My lower arm and hand went numb. The file fell to the ground. I began to run. I didn't know where, just away from the sound of the gunshots I could still hear.

I made it only a few feet before I fell over, my leather shoes slipping on the dry pine needles covering the ground. In only a matter of seconds, the shooter fired his gun more times than I can remember.

I would later learn how close he came to hitting me. One bullet was found lodged in the front end of my car, near where I had fallen. Another somehow blew through my right shoe -- creating two perfect holes just to the right of the laces and at the tip -- without touching my foot.

How the shooter managed to miss me from such close range I cannot explain. What is important, though, is that he did miss. I got back on my feet and sprinted to the busy road in front of the medical office. After several failed attempts, I managed to flag down a passing car willing to stop for someone in a dark suit frantically waving one arm while the other dangled, covered in blood.

John did not die. We were rushed separately to a nearby hospital, where surgeons patched us back together as best they could.
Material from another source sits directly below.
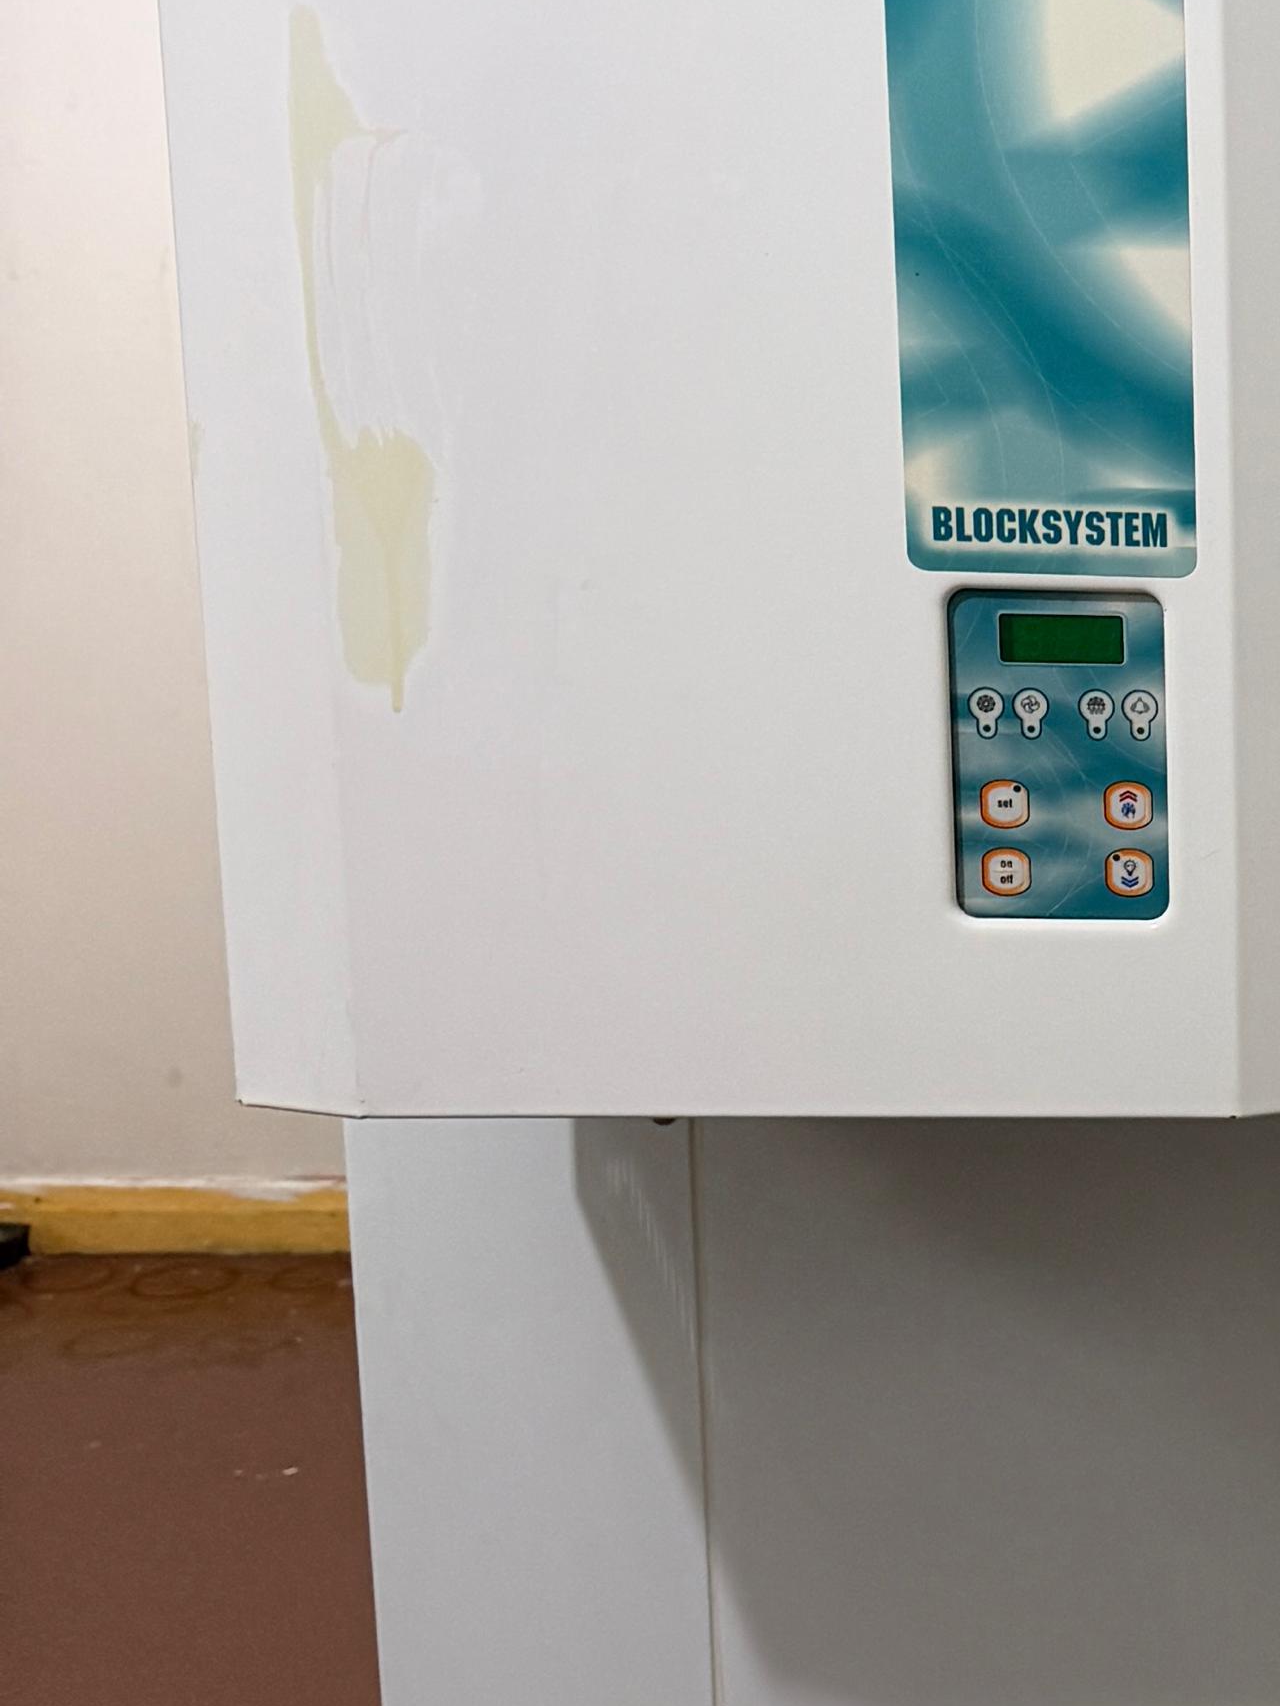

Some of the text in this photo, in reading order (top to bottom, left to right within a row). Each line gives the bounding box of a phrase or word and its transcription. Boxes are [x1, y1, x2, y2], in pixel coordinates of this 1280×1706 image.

The boy with the gun managed to slip away, leaving behind only his baseball cap, which the police found on a nearby street.

* * *

I SPENT FOUR NIGHTS IN THE HOSPITAL. A contraption of titanium screws and rods jutted from my arm, holding it together like an erector set. The hollow-point bullet left behind a mushroom of flesh erupting from the exit wound 2 inches below my wrist. I hardly slept during the days and nights in the hospital, and many more after them, save for brief Percocet- and Vicodin-induced naps.